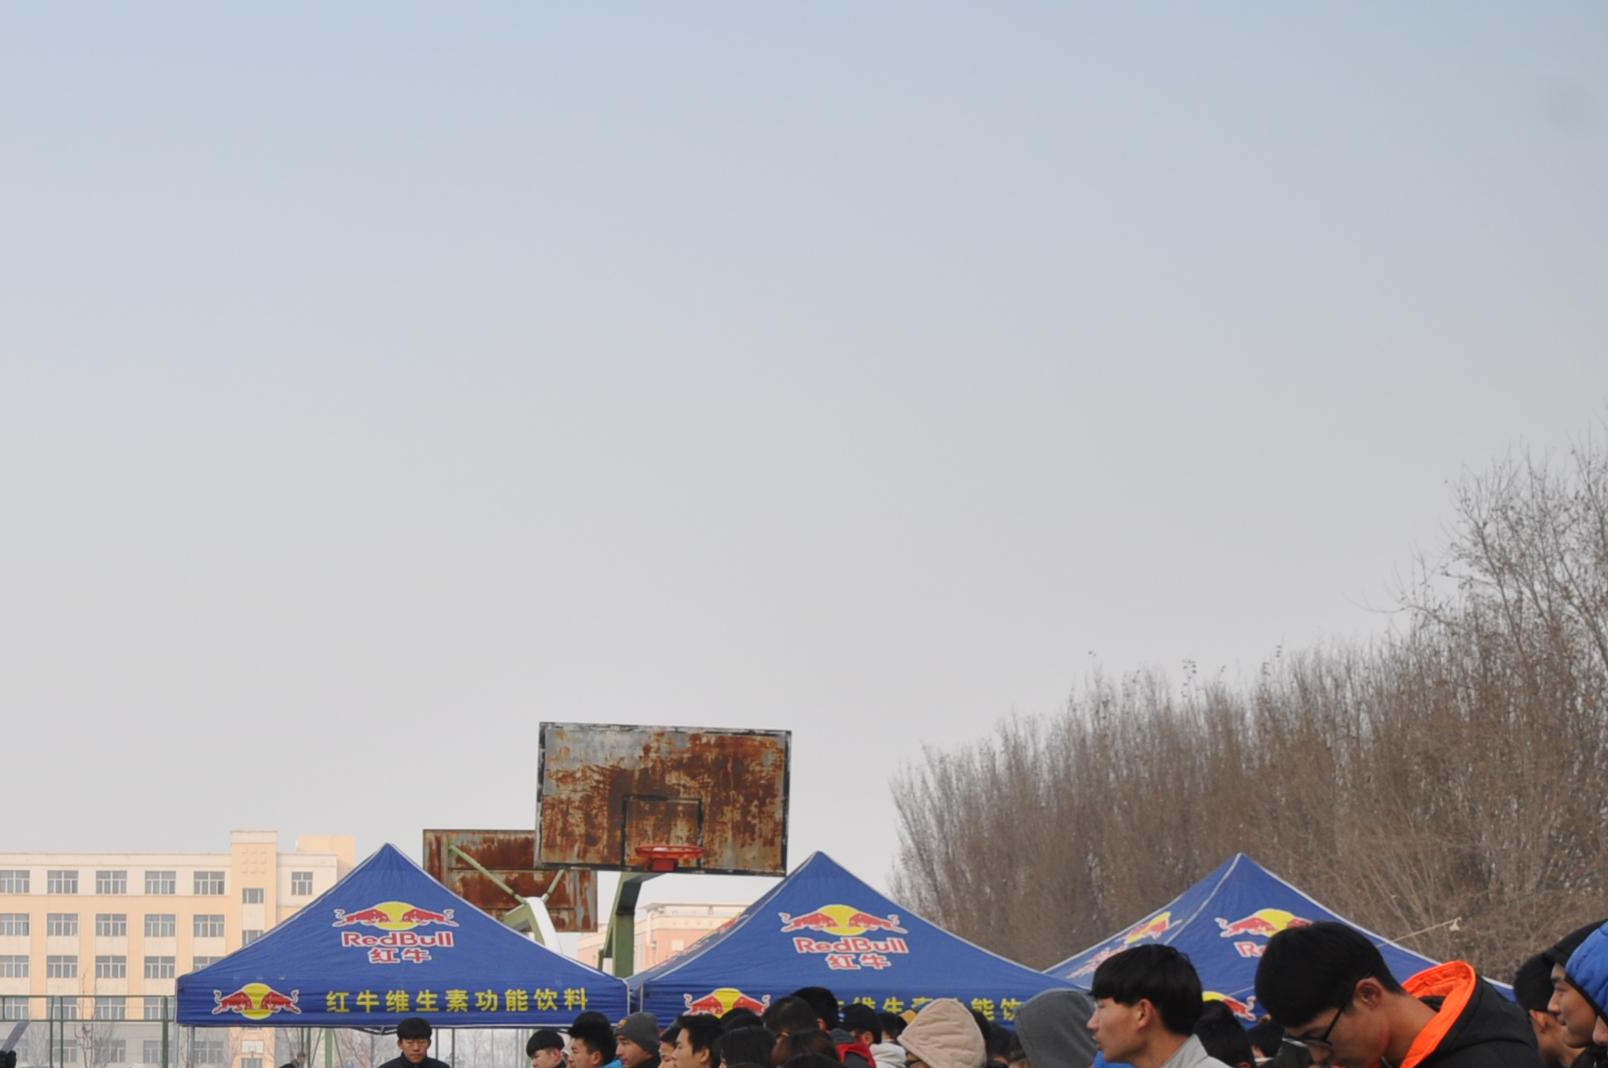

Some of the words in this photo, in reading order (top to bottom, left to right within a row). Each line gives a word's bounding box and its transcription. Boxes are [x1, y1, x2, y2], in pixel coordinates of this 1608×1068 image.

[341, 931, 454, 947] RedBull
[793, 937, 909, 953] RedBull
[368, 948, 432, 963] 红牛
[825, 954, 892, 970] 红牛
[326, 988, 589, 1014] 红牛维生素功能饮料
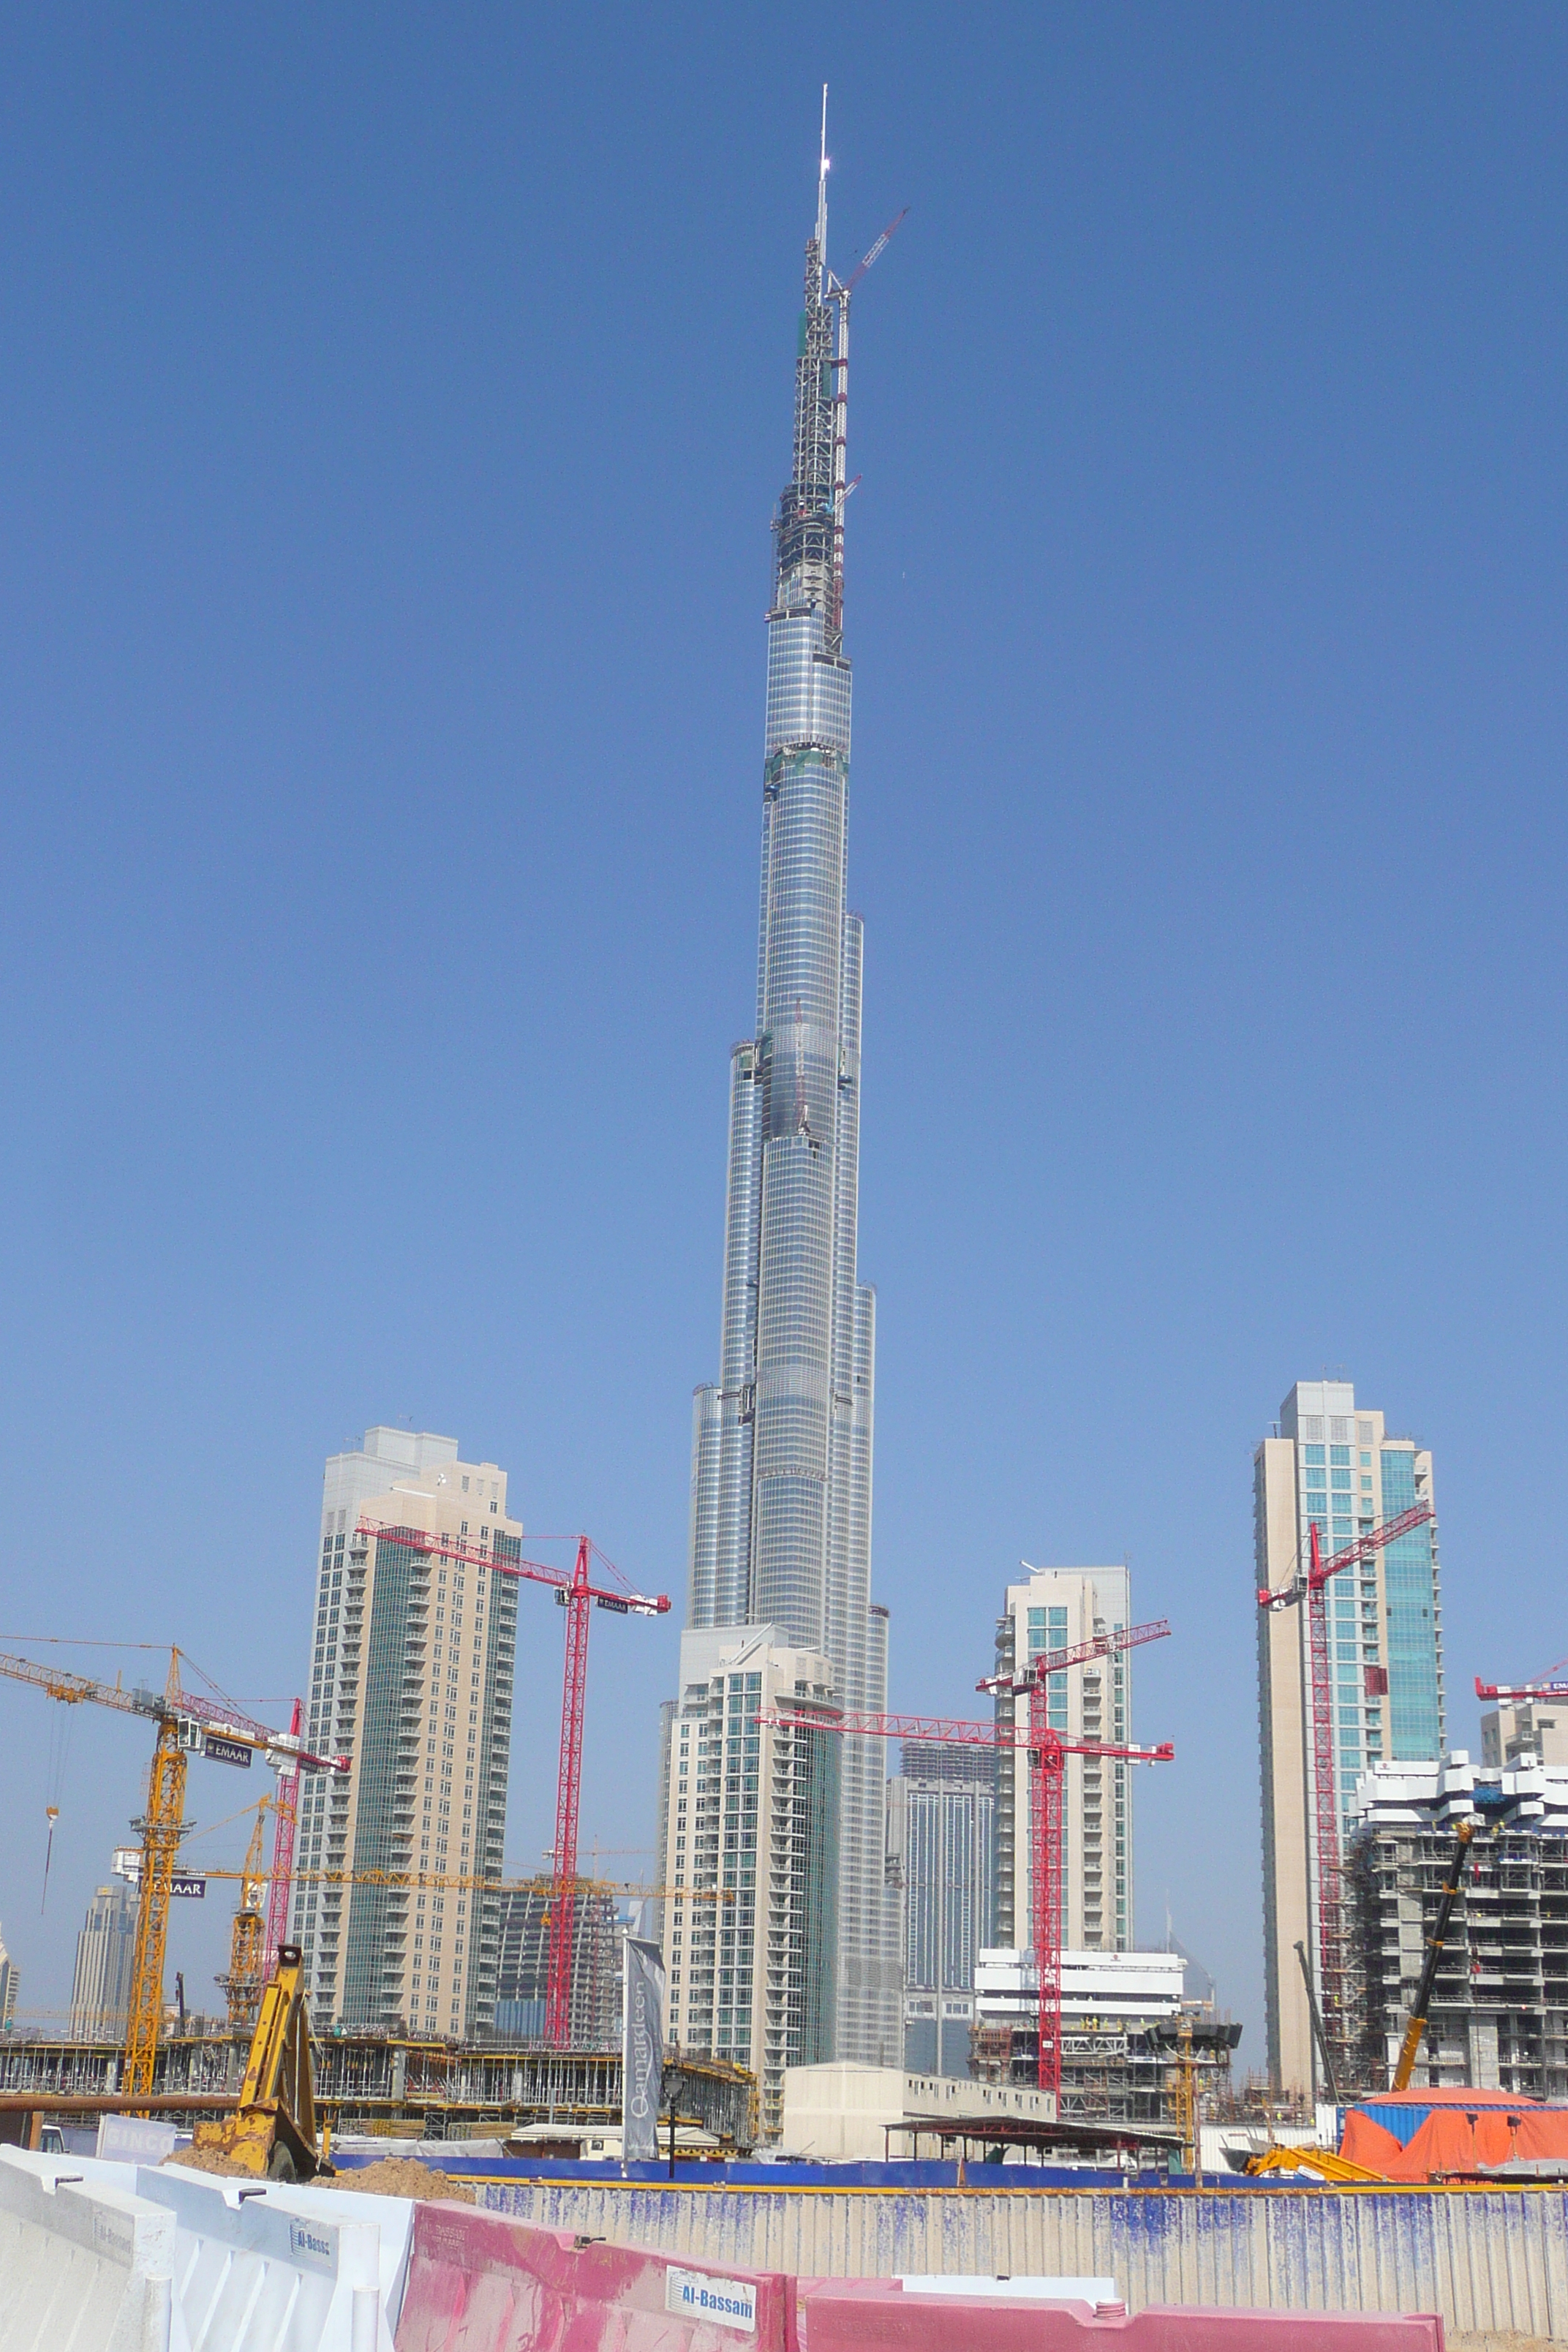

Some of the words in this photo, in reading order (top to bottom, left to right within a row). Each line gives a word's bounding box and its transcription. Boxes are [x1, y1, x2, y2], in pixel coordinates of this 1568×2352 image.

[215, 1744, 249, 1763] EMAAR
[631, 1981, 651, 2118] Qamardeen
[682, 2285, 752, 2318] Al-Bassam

※

- _Exercise requirements_
Repeat only the lines starting at the one that contains "this 1568×2352 image." and ending at the last line above, exactly as written.

- _Solved exercise_
Some of the words in this photo, in reading order (top to bottom, left to right within a row). Each line gives a word's bounding box and its transcription. Boxes are [x1, y1, x2, y2], in pixel coordinates of this 1568×2352 image.

[215, 1744, 249, 1763] EMAAR
[631, 1981, 651, 2118] Qamardeen
[682, 2285, 752, 2318] Al-Bassam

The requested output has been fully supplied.